From the first line of the listing to the last, set down everything exactly, but skip the images.
Start of Source data
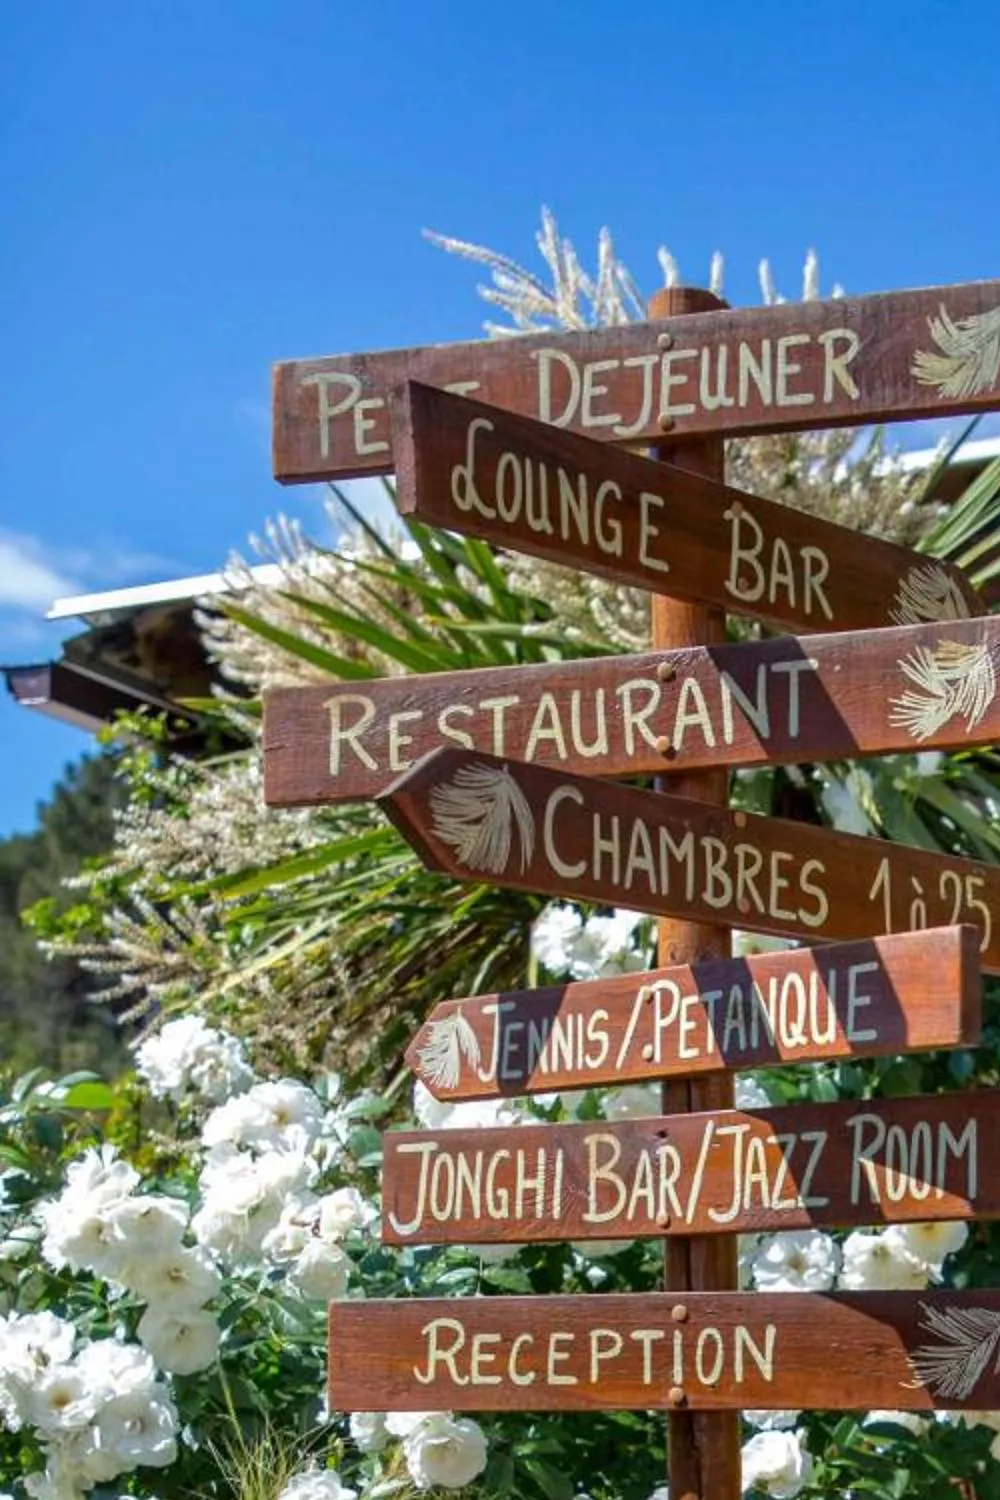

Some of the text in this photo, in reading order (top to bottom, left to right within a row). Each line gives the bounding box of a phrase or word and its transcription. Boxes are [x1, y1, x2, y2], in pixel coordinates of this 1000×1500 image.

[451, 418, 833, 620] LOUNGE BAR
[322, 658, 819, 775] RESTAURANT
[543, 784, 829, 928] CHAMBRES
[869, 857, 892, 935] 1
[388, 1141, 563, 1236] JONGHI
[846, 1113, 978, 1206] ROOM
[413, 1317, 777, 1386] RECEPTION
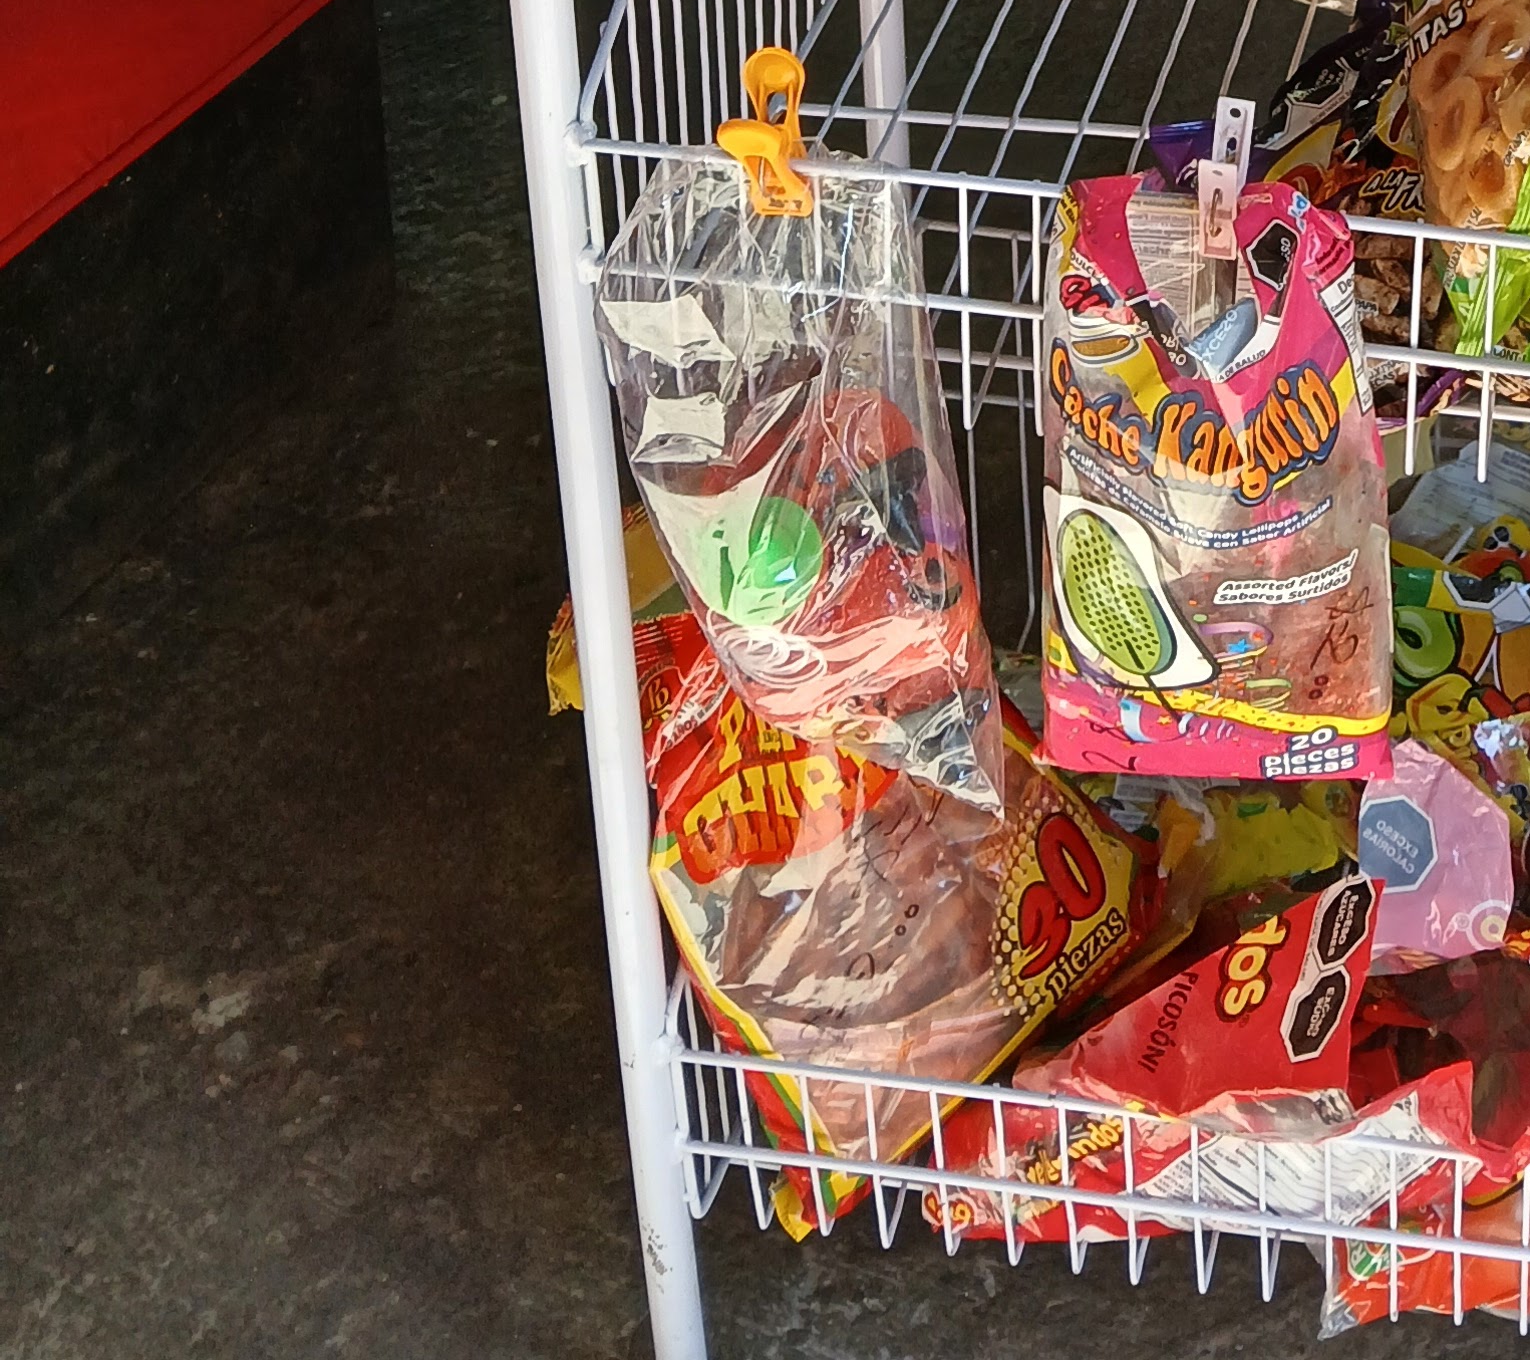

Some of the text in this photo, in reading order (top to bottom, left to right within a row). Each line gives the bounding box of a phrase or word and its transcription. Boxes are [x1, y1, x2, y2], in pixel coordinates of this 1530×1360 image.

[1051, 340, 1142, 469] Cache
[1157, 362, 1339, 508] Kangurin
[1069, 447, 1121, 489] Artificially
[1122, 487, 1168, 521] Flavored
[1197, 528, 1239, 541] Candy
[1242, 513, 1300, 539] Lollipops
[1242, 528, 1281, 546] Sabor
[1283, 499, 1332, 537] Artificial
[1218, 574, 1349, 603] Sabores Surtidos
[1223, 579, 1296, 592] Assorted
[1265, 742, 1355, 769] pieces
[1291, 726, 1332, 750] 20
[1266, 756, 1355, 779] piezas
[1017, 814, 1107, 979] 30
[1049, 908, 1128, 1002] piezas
End of Source data
→ Exercise answer
Some of the text in this photo, in reading order (top to bottom, left to right within a row). Each line gives the bounding box of a phrase or word and its transcription. Boxes are [x1, y1, x2, y2], in pixel coordinates of this 1000×1500 image.

[451, 418, 833, 620] LOUNGE BAR
[322, 658, 819, 775] RESTAURANT
[543, 784, 829, 928] CHAMBRES
[869, 857, 892, 935] 1
[388, 1141, 563, 1236] JONGHI
[846, 1113, 978, 1206] ROOM
[413, 1317, 777, 1386] RECEPTION

Some of the text in this photo, in reading order (top to bottom, left to right within a row). Each line gives the bounding box of a phrase or word and its transcription. Boxes are [x1, y1, x2, y2], in pixel coordinates of this 1530×1360 image.

[1051, 340, 1142, 469] Cache
[1157, 362, 1339, 508] Kangurin
[1069, 447, 1121, 489] Artificially
[1122, 487, 1168, 521] Flavored
[1197, 528, 1239, 541] Candy
[1242, 513, 1300, 539] Lollipops
[1242, 528, 1281, 546] Sabor
[1283, 499, 1332, 537] Artificial
[1218, 574, 1349, 603] Sabores Surtidos
[1223, 579, 1296, 592] Assorted
[1265, 742, 1355, 769] pieces
[1291, 726, 1332, 750] 20
[1266, 756, 1355, 779] piezas
[1017, 814, 1107, 979] 30
[1049, 908, 1128, 1002] piezas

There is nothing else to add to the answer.